Вишняков с неохотой берется за портрет и, вспоминая лицо своего барина, его характер, привычки и слова, к неописуемому смущению чувствует себя вновь крепостным, не имеющим воли. Будто, помимо воли, сама рука выводит на полотне крючковатый нос, отвислые щеки, седые волосы знакомого лица. Будто весь опыт, хладнокровие и любовь к движению киста сменяются ужасом перед выступающими все яснее на портрете стальными глазами старика. Будто руки его, сухие и словно охватившие низ рамки, не дают вздохнуть. Вишняков с отчаянием думает, как поступит граф, увидя ужасную карикатуру на себя — и с этого места характер дневника меняется: точность наблюдений остается, но увеличивается описание душевных переживаний, которые в конце переходят почти в бред… «Одно спасение — правдивый вопль души; быть может, он тронет сердце графа… Я не могу написать портрета, нет воли, я бездарен…»

Отсюда привожу подлинные записки.

Карл Карлович зашел ко мне, сообщил, что на Морской требуется вывеска у гастрономической лавки. Сказав, Карл Карлович посвистел фарфоровой трубкой, и в углах его глаз появились добродушные морщины; он подмигнул и ушел, поскрипывая подошвами… Добрейший, милейший Карл Карлович! Если бы я только не был угнетен, чего бы только не сделал в благодарность за все его заботы. Вот и сегодня он доставил мне работу, во время которой произошла приятная встреча. Бог знает, что принесет она; предчувствую, что важное.

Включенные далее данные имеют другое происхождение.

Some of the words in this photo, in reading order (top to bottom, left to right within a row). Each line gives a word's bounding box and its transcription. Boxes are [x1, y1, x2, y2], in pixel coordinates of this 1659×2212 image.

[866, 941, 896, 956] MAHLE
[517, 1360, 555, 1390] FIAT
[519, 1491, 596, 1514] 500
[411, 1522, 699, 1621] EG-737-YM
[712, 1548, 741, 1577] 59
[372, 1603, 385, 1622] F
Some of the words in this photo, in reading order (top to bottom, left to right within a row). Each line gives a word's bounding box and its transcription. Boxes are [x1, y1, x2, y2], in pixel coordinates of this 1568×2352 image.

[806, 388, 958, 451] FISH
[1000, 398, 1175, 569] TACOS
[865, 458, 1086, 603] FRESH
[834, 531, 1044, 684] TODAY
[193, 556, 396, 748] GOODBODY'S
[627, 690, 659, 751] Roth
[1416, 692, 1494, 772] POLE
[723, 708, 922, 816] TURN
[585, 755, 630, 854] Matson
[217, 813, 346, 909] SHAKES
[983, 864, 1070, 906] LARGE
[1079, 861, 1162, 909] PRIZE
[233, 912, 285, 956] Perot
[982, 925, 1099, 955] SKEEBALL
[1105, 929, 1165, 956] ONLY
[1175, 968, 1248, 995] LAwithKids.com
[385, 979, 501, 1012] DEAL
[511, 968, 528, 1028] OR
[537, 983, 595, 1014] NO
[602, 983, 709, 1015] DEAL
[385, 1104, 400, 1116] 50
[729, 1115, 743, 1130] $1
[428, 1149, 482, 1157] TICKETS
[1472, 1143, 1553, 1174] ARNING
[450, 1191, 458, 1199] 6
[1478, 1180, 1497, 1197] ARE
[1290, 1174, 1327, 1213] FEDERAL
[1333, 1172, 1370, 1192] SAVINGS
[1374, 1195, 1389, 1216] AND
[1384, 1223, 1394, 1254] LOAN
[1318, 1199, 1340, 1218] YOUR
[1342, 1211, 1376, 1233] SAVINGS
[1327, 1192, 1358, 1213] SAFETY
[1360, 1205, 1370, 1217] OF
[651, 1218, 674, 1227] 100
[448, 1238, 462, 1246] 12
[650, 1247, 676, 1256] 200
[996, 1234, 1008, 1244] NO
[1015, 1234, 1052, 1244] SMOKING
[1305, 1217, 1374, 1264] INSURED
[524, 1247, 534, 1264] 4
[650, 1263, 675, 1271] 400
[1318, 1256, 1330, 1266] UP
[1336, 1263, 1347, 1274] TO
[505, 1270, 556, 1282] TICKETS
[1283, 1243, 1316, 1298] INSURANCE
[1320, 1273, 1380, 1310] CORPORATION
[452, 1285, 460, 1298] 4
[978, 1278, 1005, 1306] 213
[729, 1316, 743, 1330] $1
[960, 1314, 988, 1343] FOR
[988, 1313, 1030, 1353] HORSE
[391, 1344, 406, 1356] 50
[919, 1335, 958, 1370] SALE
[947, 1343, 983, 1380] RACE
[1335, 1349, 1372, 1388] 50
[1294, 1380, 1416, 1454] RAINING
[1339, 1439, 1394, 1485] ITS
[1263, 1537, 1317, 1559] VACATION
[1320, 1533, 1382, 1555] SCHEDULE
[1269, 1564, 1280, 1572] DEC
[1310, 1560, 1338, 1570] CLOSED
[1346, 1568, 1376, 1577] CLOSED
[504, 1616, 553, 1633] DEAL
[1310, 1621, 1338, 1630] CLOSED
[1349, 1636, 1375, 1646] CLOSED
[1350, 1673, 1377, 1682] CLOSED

Я разложил на лавке горшки с красками, олифу и кисти и, поставив все это на голову, поплелся в город. Проходя по Николаевскому мосту, я замечтался, созерцая величие реки, с опрокинутыми в ней дворцами, скользящими баркасами и кораблями у гавани и, не заметив, свернул на набережную, где постовой загородил дорогу, сказав: «Сворачивай на Конногвардейский, маляр». А я, раскрыв рот, глядел в перспективу набережной, где, удаляясь, шли в серых цилиндрах двое; один из них, я узнал, был Пушкин… А может, только почудилось… Я много раз ошибался, принимая за него какого-нибудь курчавого чиновника…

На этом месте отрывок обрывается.